Natural and age-related variation in circulating human hematopoietic stem cells

Abstract

AbstractHematopoietic stem and progenitor cells (HSPCs) are intended to deliver life-long, consistent output. However, with age, we observe changes in blood counts and clonal disorders. Better understanding of inter-individual variation in HSPC behavior is needed to understand the transition from health to age-related hematological disorders. Here we study 360K single circulating HSPCs (CD34+) from 99 healthy individuals together with clinical information and clonal hematopoiesis (CH) profiles to characterize population variability in hematopoiesis.

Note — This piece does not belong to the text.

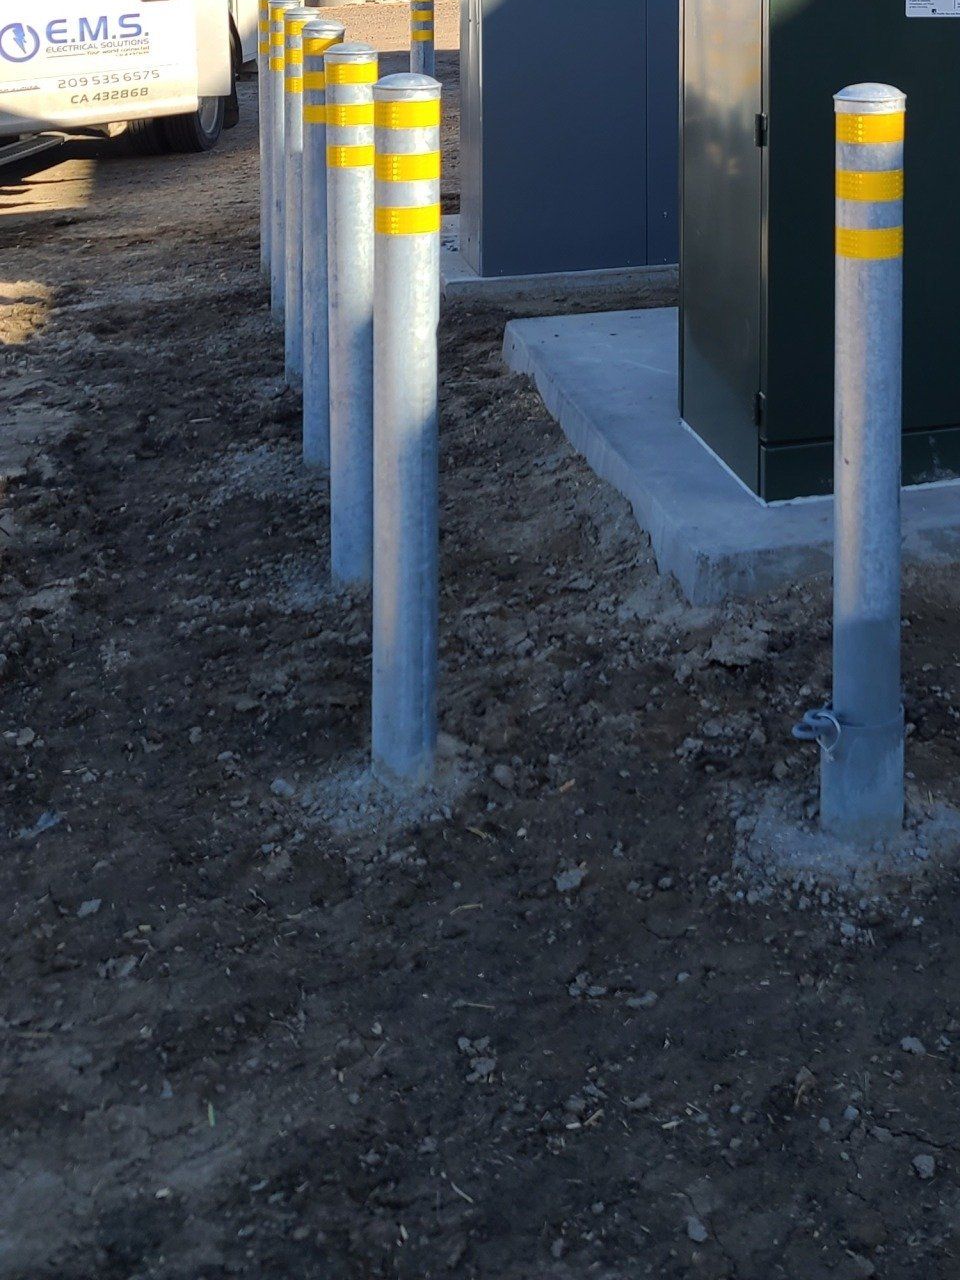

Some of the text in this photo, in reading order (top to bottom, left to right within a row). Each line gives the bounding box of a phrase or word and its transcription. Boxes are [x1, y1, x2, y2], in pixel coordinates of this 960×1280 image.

Individuals with CH were linked with reduced frequencies of lymphocyte progenitors and higher RDW. We describe a Lamin-A transcriptional signature across the HSPC spectrum and show it is reduced in CH individuals. We define and estimate HSPC composition bias and an age-related increased S-phase gene signature and show how they form a heterogeneous and multifactorial aging trend in the blood. The new comprehensive model of normal HSPC variation will allow the study of stem cell-related disorders. As a proof of concept, we present methodologies for analyzing myeloid malignancies in comparison to our reference atlas. Together, our data and methodologies shed light on age-related changes in blood counts, CH and can be used to study stem cell-related disorders in the future.